Poe discovers that marginalia can often be transferred, i.e., severed from their locus of inscription, without breaking the “exceedingly frail fabric of intelligibility in which the context was imbedded”, or rather that the “acumen and imagination of the reader” can usually be trusted to reconstruct that fabric. The reason for this is that the marginalia carries with it “the ghost of a conception” of the original context. Because they are strongly dialogic, marginalia are deeply affected by what Bakhtin calls the counterstatement and they bear traces of it that the reader can interpret. Sometimes, however, the ghost is too faint for anything of the context to be recovered — or, on the contrary, the multiplicity of the context produces confusing signals. Poe could rewrite his notes as he transferred them. We do not have such a privilege, but it is the duty of the geneticist to supply not only the original context of inscription, in all its spatial and temporal complexity, but also each of the contexts that have presided over the various states of development. Only hypertextual presentations make this possible. They allow us to include each reading note (and more generally each element relating to the genetic process) in an unlimited number of paths, interrelated dynamically across an unlimited number of maps. This is probably their most useful function for us. The faculty to add unlimited layers of annotations to the notes, to pile up marginalia on marginalia, is a mixed blessing, because the absence of any limitation implies loosing the “marginalic” qualities of terseness and concentration associated by Poe with the “circumscription of space”.
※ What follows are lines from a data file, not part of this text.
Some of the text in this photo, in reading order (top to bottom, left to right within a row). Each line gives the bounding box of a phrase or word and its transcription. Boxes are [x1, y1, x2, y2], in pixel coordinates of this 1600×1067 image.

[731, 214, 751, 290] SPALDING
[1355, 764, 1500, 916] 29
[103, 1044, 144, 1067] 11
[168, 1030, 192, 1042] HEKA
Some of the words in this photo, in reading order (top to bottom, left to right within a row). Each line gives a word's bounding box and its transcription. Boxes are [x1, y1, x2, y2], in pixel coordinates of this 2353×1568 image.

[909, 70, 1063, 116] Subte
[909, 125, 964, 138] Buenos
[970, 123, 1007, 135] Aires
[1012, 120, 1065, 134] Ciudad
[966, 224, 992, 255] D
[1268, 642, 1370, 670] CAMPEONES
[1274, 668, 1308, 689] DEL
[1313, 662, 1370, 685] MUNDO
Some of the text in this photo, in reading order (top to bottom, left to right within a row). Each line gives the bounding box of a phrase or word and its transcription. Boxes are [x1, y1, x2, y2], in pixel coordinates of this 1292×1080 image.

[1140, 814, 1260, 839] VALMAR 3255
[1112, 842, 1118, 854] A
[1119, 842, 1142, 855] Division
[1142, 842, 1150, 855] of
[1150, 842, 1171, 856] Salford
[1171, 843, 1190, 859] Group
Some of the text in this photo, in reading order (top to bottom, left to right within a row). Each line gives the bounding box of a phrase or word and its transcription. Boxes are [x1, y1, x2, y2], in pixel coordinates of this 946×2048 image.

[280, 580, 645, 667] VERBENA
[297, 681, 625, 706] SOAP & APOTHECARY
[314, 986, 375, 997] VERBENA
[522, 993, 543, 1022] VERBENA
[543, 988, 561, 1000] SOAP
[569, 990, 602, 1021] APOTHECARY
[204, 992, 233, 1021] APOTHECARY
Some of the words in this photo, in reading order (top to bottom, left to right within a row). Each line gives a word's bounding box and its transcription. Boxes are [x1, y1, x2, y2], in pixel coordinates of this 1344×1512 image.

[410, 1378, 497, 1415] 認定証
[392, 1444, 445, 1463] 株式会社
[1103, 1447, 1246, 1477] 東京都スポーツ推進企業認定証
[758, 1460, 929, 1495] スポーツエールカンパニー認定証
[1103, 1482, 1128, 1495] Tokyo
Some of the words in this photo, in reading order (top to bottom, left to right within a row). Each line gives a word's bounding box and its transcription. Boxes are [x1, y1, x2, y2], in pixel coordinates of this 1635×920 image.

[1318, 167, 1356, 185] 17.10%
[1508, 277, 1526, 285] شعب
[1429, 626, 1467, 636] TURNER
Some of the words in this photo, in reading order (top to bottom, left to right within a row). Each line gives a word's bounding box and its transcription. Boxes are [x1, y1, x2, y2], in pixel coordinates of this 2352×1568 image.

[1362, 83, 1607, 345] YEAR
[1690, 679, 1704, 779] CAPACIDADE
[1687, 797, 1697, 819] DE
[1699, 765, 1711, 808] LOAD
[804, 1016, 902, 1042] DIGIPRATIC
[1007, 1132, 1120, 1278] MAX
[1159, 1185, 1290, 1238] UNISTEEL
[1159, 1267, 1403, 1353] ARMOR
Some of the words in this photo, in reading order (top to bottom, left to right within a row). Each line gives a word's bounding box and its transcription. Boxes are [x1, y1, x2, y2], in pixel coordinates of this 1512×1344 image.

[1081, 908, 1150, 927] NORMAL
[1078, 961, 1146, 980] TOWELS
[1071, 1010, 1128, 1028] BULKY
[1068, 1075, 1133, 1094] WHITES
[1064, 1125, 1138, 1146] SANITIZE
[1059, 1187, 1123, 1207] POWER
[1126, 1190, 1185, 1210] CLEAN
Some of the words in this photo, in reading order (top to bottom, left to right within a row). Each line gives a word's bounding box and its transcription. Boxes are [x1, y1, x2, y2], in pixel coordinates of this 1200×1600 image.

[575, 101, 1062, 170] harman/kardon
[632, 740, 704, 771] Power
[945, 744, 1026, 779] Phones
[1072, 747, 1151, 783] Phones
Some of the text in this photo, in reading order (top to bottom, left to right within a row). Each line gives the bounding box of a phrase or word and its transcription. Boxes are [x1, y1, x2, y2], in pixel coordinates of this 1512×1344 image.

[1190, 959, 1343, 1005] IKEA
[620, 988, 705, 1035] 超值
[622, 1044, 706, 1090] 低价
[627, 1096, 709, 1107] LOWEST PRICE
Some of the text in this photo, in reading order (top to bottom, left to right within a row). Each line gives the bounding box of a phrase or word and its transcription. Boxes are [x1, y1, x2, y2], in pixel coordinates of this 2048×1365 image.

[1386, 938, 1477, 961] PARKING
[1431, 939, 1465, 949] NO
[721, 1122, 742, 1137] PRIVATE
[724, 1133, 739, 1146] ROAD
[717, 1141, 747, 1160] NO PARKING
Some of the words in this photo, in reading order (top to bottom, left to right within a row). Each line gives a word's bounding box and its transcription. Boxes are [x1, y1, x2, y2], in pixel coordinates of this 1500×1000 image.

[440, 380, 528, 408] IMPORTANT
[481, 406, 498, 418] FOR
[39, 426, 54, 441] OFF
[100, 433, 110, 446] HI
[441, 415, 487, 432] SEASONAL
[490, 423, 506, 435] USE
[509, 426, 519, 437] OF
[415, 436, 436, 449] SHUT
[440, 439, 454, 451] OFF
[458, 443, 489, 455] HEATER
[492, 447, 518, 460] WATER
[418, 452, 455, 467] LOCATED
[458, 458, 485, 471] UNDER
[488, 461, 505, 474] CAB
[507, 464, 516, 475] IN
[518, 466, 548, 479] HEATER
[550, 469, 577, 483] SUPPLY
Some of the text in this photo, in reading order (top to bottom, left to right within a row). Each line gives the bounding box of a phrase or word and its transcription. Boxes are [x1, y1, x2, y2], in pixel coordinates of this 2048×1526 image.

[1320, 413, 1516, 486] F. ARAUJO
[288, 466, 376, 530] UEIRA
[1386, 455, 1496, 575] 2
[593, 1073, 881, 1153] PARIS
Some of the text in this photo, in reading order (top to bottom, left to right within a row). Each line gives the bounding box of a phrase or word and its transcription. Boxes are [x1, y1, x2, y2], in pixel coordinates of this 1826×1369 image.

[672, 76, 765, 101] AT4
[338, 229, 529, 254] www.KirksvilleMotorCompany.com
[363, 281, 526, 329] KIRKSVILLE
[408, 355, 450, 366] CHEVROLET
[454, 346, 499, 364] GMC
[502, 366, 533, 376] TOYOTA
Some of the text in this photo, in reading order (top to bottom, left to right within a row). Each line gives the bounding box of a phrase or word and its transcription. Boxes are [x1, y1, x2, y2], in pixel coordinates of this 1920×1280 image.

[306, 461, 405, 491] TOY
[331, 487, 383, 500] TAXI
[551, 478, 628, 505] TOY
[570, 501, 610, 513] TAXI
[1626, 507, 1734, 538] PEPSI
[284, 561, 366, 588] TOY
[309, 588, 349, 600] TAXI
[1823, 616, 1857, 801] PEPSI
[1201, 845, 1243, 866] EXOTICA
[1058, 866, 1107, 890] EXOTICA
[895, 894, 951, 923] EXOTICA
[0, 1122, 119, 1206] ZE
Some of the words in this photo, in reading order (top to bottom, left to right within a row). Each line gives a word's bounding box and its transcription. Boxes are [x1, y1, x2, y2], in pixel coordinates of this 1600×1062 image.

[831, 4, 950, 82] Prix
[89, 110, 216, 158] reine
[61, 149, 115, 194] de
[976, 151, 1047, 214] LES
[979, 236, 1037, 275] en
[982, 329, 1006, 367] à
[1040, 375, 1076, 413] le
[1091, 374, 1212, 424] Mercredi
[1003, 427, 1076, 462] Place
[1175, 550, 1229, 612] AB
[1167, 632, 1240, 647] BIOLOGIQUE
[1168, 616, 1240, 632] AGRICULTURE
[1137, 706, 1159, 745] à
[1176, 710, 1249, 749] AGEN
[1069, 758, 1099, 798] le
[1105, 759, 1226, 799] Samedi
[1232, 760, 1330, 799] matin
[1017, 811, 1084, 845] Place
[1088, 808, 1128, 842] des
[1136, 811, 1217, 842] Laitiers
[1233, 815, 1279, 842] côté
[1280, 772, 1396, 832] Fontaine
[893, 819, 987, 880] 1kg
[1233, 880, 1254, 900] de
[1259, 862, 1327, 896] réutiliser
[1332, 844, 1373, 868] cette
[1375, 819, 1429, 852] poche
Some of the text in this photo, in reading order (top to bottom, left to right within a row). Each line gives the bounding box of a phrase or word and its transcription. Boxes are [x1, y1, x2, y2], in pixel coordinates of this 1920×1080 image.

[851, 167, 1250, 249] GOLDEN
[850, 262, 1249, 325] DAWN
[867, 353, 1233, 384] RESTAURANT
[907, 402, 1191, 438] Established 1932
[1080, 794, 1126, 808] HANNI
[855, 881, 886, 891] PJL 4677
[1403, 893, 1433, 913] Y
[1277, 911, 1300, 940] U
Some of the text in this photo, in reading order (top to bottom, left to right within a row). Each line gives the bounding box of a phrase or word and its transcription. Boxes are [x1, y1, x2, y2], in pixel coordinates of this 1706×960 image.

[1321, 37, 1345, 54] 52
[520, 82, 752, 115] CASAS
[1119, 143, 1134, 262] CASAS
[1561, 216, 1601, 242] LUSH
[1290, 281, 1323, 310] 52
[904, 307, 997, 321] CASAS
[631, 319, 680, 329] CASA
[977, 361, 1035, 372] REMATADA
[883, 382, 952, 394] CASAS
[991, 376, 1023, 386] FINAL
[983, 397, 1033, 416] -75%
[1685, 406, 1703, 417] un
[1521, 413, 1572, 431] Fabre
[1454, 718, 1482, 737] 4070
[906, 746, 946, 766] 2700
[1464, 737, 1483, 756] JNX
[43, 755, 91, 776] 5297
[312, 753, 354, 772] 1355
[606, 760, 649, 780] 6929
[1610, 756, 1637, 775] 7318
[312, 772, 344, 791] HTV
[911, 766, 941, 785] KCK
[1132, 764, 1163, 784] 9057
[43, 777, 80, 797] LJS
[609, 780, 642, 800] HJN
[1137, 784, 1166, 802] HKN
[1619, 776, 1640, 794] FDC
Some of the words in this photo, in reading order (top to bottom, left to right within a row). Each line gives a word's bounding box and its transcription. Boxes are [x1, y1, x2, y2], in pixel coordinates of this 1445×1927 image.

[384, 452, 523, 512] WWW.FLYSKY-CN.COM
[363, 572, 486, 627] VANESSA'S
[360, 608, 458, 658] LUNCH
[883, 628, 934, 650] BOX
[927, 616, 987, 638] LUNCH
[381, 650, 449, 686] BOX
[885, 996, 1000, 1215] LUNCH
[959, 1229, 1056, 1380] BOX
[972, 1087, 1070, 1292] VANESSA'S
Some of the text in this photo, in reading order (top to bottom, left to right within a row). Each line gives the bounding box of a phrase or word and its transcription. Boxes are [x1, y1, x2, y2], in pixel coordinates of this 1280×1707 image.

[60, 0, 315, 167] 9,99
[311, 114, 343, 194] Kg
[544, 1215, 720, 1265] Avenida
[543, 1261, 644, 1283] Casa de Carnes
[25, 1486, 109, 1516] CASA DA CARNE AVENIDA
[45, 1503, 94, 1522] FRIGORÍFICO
1  Daniel Ferrer, “Un imperceptible trait de gomme de tragacanthe…” in Bibliothèques d’écrivains, ed. Paolo D’Iorio and Daniel Ferrer (Paris : CNRS Editions, 2001), 18.

2  Mikhail Bakhtin,  Problems of Dostoevsky's Poetics,  ed. and trans. Caryl Emerson ‘Minneapolis: Minnesota UP, 1984). Charles S. Peirce, Collected Papers, vols. 1-8, ed. C. Hartshorne, P. Weiss and A. W. Burks (Cambridge, MA: Harvard University Press, 1931-1958). Marcel Proust, À la recherche du temps perdu, Vol I-IV, ed. Jean-Yves Tadié, Bibliothèque de la Pléiade (Gallimard: Paris, 1987-9). Stendhal, Souvenirs d'égotisme, Œuvres intimes II, ed. V. del Litto, Bibliothèque de la Pléiade (Gallimard : Paris, 1982).

3  The reader of Finnegans Wake will recognize a structure somewhat similar to that of Book II, chapter 2. He is free to speculate whether (Proust being Issy)Valéry is Shem and Peirce is Shaun, or the other way around.

4  Daniel Ferrer, “La toque de Clementis : rétroaction et rémanence dans les processus génétiques”, Genesis 6 (1994): 101.  English translation by Marlena Corcoran, “Clementis’ Cap : Retroaction and Persistence in the Genetic Process”, Yale French Studies, 89 (1996): 231-5.